# BRIEF
The whole listing below should be duplicated exactly, with nothing left out.

# DATASET EXTRACT
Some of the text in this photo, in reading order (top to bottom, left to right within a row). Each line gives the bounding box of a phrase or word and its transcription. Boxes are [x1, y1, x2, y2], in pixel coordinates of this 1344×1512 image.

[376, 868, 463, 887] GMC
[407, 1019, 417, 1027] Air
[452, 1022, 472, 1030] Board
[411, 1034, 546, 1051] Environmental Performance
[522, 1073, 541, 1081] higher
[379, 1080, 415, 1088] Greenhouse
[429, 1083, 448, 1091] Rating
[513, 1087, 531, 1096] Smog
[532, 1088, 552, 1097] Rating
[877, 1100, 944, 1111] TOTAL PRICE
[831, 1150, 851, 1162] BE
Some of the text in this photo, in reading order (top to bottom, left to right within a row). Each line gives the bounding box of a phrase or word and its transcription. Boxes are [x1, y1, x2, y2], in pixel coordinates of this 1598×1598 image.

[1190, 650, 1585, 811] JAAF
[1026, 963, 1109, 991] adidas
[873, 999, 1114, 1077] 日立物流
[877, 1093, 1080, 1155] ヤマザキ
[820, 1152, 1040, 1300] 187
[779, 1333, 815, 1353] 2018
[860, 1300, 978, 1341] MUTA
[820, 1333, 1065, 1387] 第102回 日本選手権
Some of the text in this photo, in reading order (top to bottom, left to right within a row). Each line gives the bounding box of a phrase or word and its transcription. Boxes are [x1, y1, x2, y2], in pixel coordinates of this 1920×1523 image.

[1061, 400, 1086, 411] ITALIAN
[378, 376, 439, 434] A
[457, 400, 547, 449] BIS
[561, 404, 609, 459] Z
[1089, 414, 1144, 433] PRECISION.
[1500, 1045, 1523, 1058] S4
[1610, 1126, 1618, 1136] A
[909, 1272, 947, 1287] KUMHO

# THE COMPLETED TASK
Some of the text in this photo, in reading order (top to bottom, left to right within a row). Each line gives the bounding box of a phrase or word and its transcription. Boxes are [x1, y1, x2, y2], in pixel coordinates of this 1344×1512 image.

[376, 868, 463, 887] GMC
[407, 1019, 417, 1027] Air
[452, 1022, 472, 1030] Board
[411, 1034, 546, 1051] Environmental Performance
[522, 1073, 541, 1081] higher
[379, 1080, 415, 1088] Greenhouse
[429, 1083, 448, 1091] Rating
[513, 1087, 531, 1096] Smog
[532, 1088, 552, 1097] Rating
[877, 1100, 944, 1111] TOTAL PRICE
[831, 1150, 851, 1162] BE
Some of the text in this photo, in reading order (top to bottom, left to right within a row). Each line gives the bounding box of a phrase or word and its transcription. Boxes are [x1, y1, x2, y2], in pixel coordinates of this 1598×1598 image.

[1190, 650, 1585, 811] JAAF
[1026, 963, 1109, 991] adidas
[873, 999, 1114, 1077] 日立物流
[877, 1093, 1080, 1155] ヤマザキ
[820, 1152, 1040, 1300] 187
[779, 1333, 815, 1353] 2018
[860, 1300, 978, 1341] MUTA
[820, 1333, 1065, 1387] 第102回 日本選手権
Some of the text in this photo, in reading order (top to bottom, left to right within a row). Each line gives the bounding box of a phrase or word and its transcription. Boxes are [x1, y1, x2, y2], in pixel coordinates of this 1920×1523 image.

[1061, 400, 1086, 411] ITALIAN
[378, 376, 439, 434] A
[457, 400, 547, 449] BIS
[561, 404, 609, 459] Z
[1089, 414, 1144, 433] PRECISION.
[1500, 1045, 1523, 1058] S4
[1610, 1126, 1618, 1136] A
[909, 1272, 947, 1287] KUMHO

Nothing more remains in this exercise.